→ WHAT TO WORK ON:
Output the listing word for word, minus pictures.

━━━━━━━━

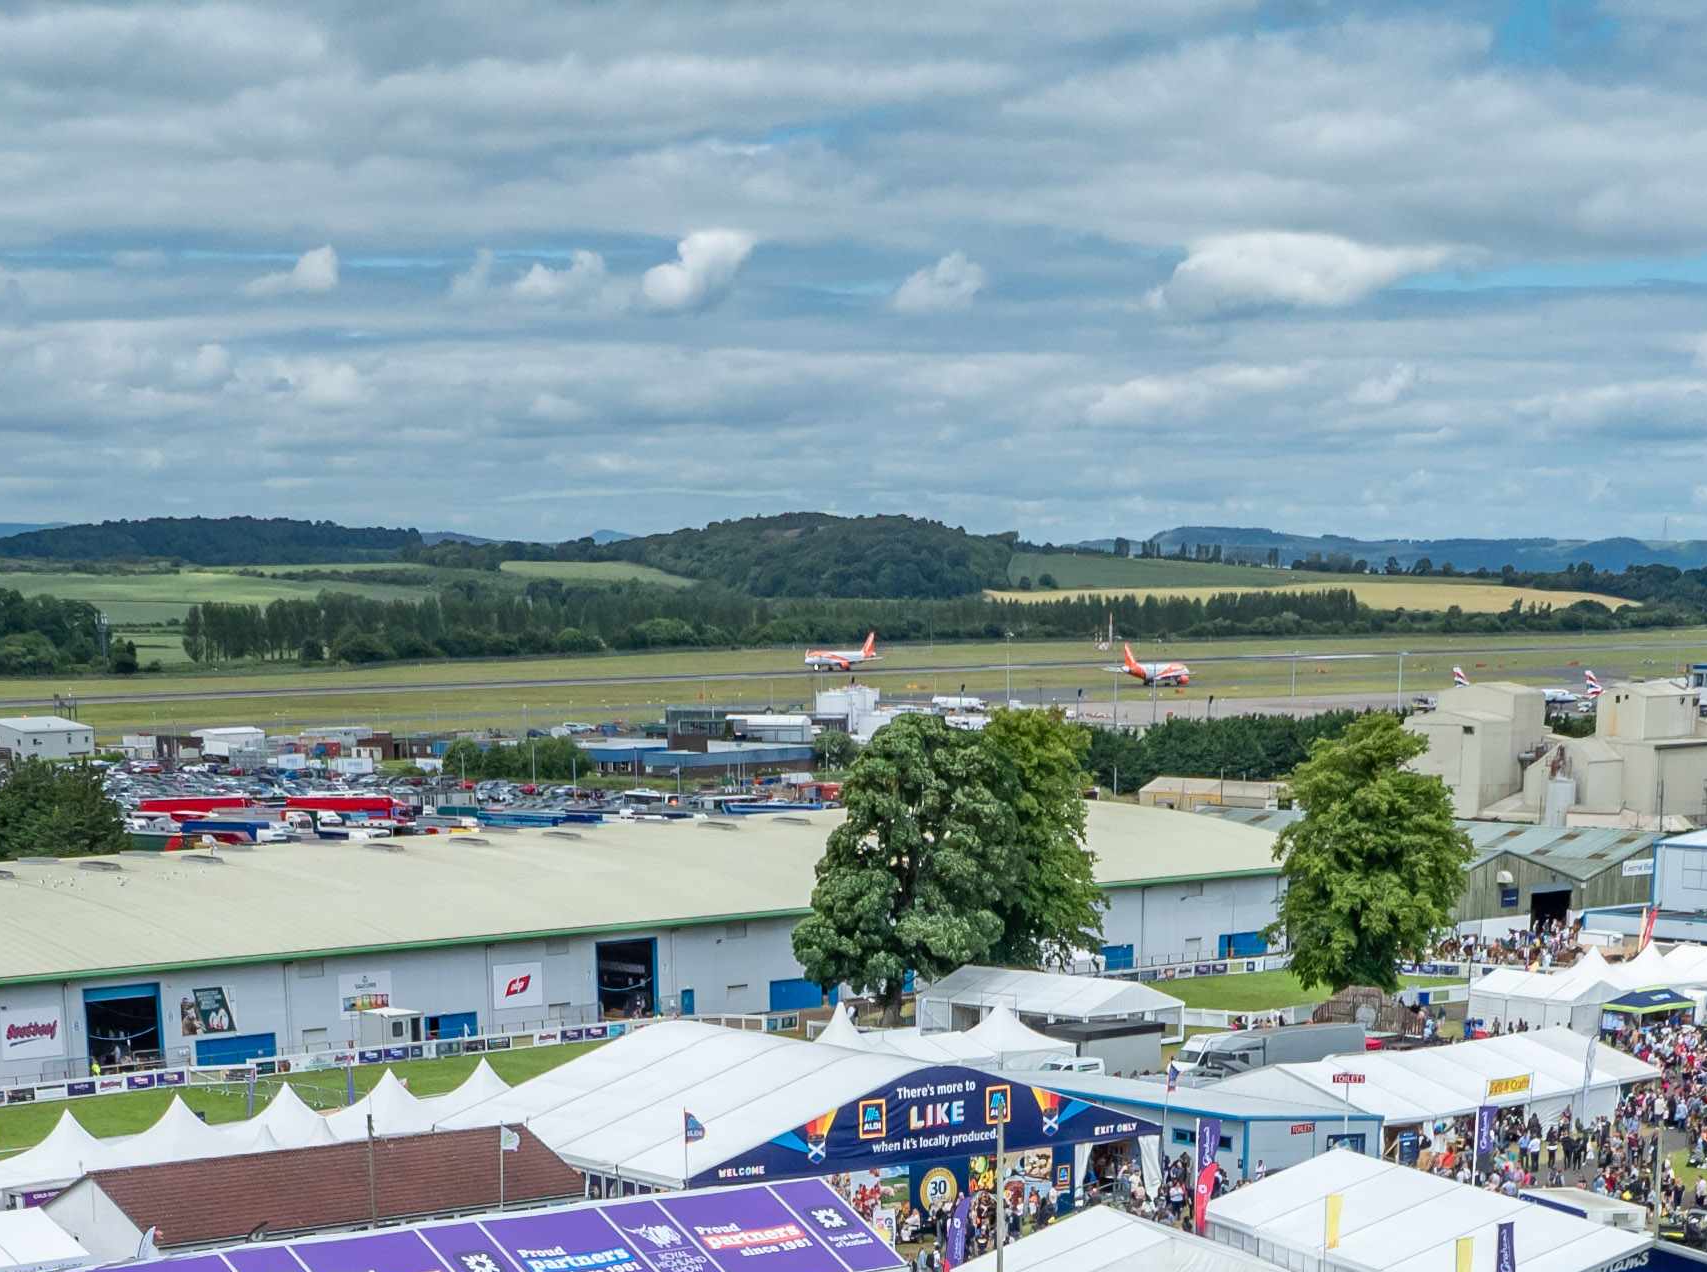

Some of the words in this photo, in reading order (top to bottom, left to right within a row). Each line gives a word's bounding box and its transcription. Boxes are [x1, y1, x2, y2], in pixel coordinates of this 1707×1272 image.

[7, 1019, 57, 1040] Scotbeef
[1334, 1074, 1365, 1083] TOILETS
[897, 1083, 934, 1099] There's
[937, 1083, 962, 1096] more
[965, 1080, 976, 1092] to
[909, 1101, 965, 1130] LIKE
[864, 1121, 881, 1131] ALDI
[1095, 1125, 1114, 1135] EXIT
[1292, 1123, 1315, 1134] TOILETS
[873, 1141, 900, 1153] when
[903, 1138, 918, 1150] it's
[920, 1132, 953, 1149] locally
[954, 1129, 999, 1146] produced.
[719, 1166, 765, 1178] WELCOME
[930, 1180, 947, 1196] 30
[694, 1223, 742, 1236] Proud
[704, 1224, 801, 1249] partners
[518, 1246, 568, 1259] Proud
[740, 1244, 779, 1258] since
[780, 1238, 813, 1252] 1981

━━━━━━━━

→ SOLUTION:
Some of the words in this photo, in reading order (top to bottom, left to right within a row). Each line gives a word's bounding box and its transcription. Boxes are [x1, y1, x2, y2], in pixel coordinates of this 1707×1272 image.

[7, 1019, 57, 1040] Scotbeef
[1334, 1074, 1365, 1083] TOILETS
[897, 1083, 934, 1099] There's
[937, 1083, 962, 1096] more
[965, 1080, 976, 1092] to
[909, 1101, 965, 1130] LIKE
[864, 1121, 881, 1131] ALDI
[1095, 1125, 1114, 1135] EXIT
[1292, 1123, 1315, 1134] TOILETS
[873, 1141, 900, 1153] when
[903, 1138, 918, 1150] it's
[920, 1132, 953, 1149] locally
[954, 1129, 999, 1146] produced.
[719, 1166, 765, 1178] WELCOME
[930, 1180, 947, 1196] 30
[694, 1223, 742, 1236] Proud
[704, 1224, 801, 1249] partners
[518, 1246, 568, 1259] Proud
[740, 1244, 779, 1258] since
[780, 1238, 813, 1252] 1981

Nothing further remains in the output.